One could say that the response of the Brazilian government to the pandemic not only flourished in terrain prepared by an authoritarian tradition (so clearly revealed by the impeachment of President Rousseff), but that it also became a form of ‘necropolitics’. By placing the economy above life, the federal government came to neglect the fight against the pandemic and cultivated an irreducible ‘negationism’, implementing a militarist policy to combat violence, co-opting the states’ military police [polícias militares] so that they mercilessly killed the ‘enemy’ in the name of the ‘defence of society’. An ‘enemy’ who was usually black, poor and favelado,[2] but also included women and transgender people.

Finally, if I refer to Society must be defended, Foucault’s 1975-6 course at the Collège de France – not by chance one of the texts of the French philosopher that most inspired Mbembe – it is because I believe it reveals the full extent of the connection between necropolitics and state racism, or racism as a state policy: “Once the State functions in the biopower mode, racism alone can justify the murderous function of the State”. In this way, the clearcut line of separation between democracy and totalitarian regimes becomes blurry, and risks disappearing altogether. The 2022 presidential election will show which course Brazilian democracy will follow after and in face of the devastating effects of the pandemic.

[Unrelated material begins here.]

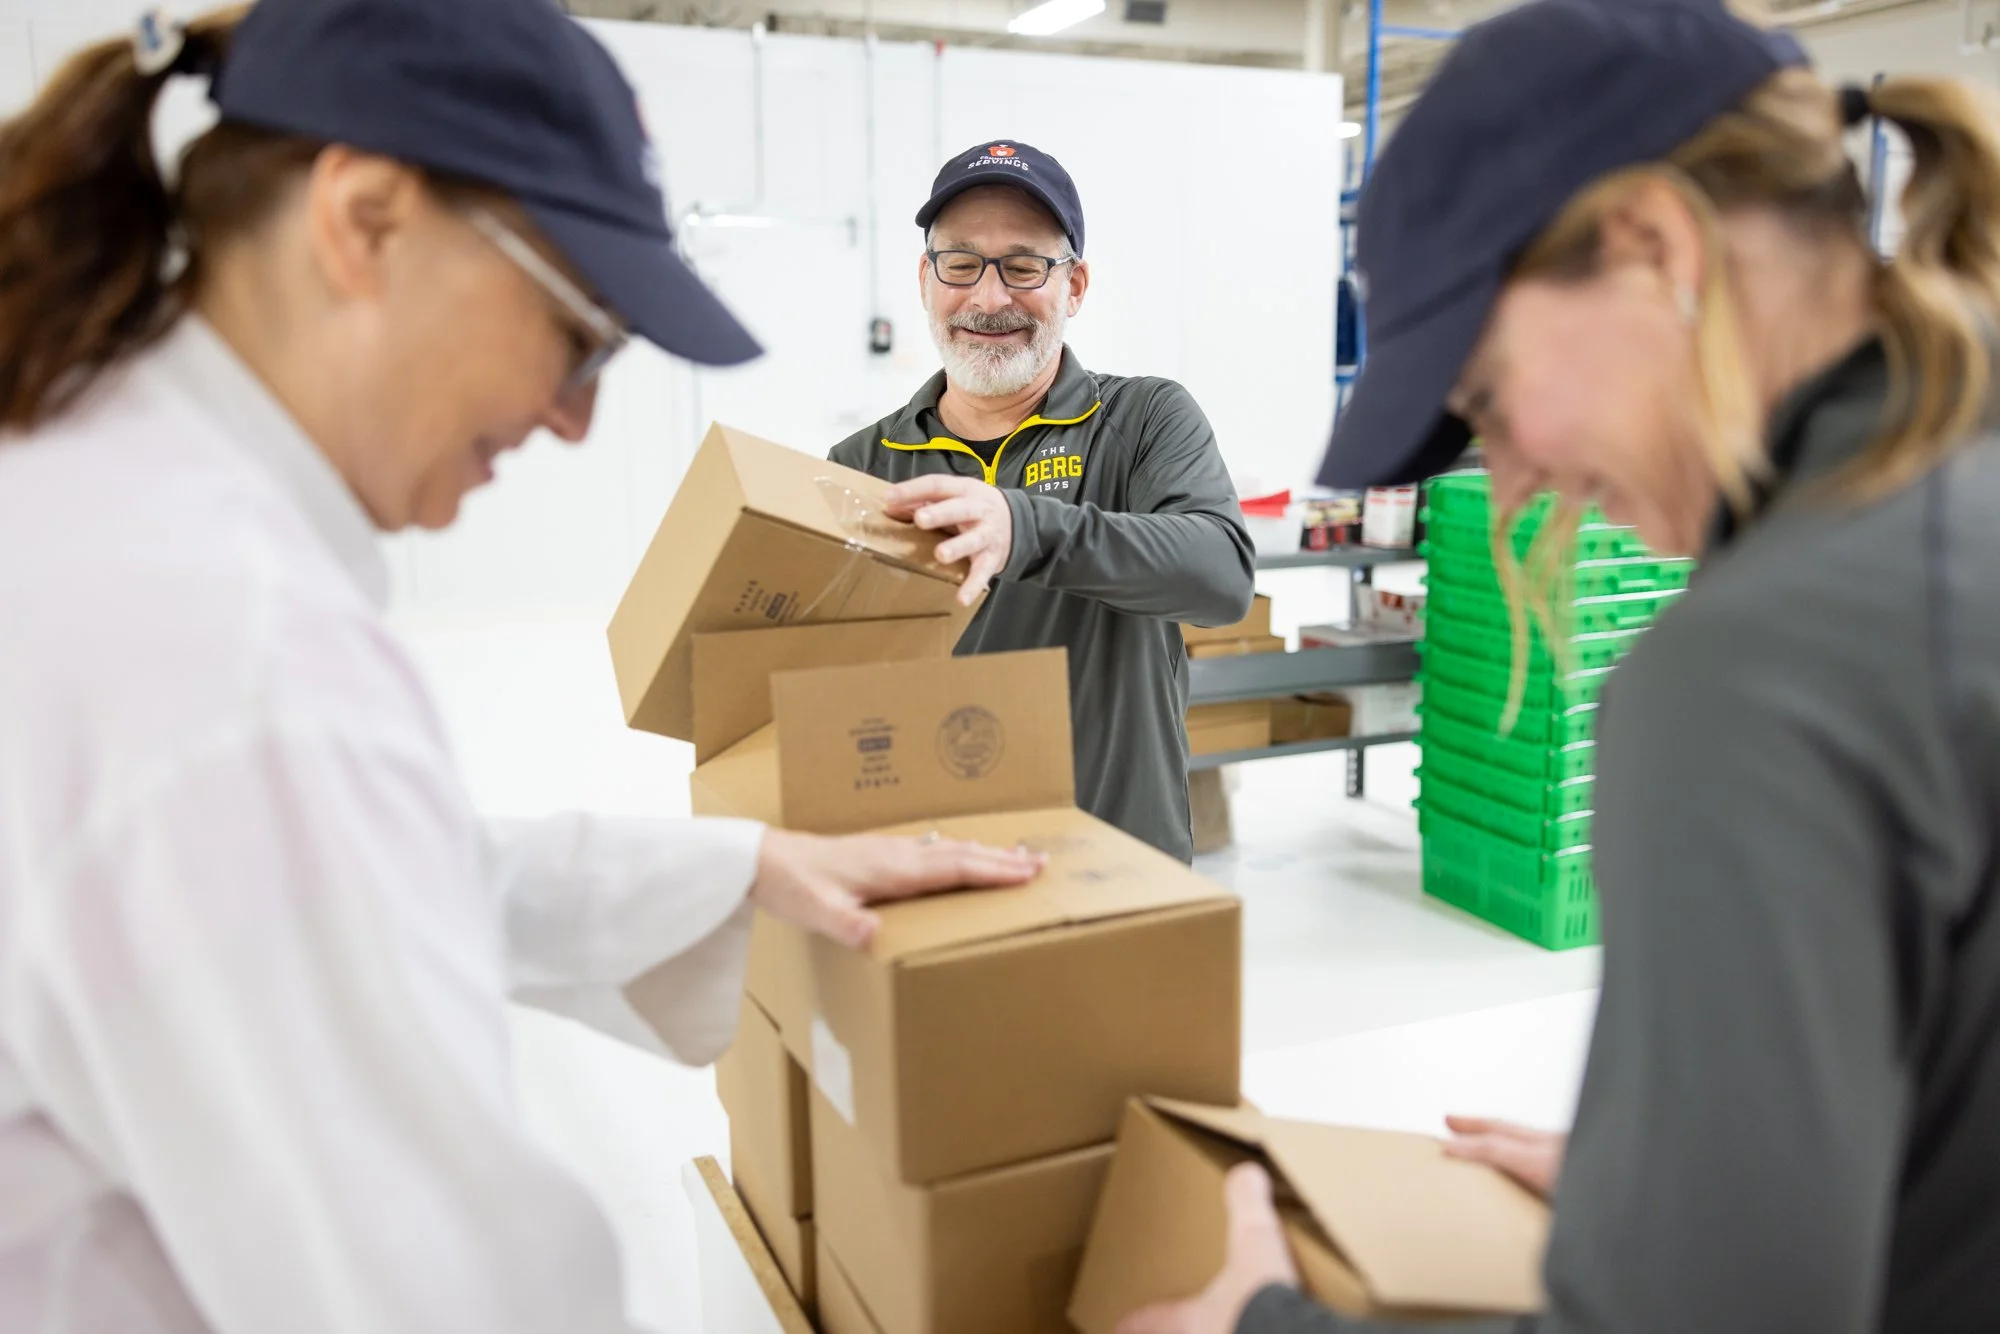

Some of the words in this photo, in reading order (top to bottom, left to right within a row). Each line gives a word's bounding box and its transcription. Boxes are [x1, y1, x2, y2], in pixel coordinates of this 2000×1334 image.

 Translated by Federico Testa

 

[1] The Brazilian Years of Lead, or “anos de chumbo” (1964-1985), correspond to the period following the U.S. backed coup d’état that deposed President João Goulart, and instituted a military dictatorship. The term more particularly designates the period following the 1968 Institutional Act Number Five (known as AI-5), which represented the suspension of constitutional guarantees and was marked by censorship, torture and killing of political dissidents.

[2] A term that designates those who dwell in the favelas, the Brazilian slums.

Ernani Chaves is Professor of Philosophy at Universidade Federal do Pará (UFPA), Brazil.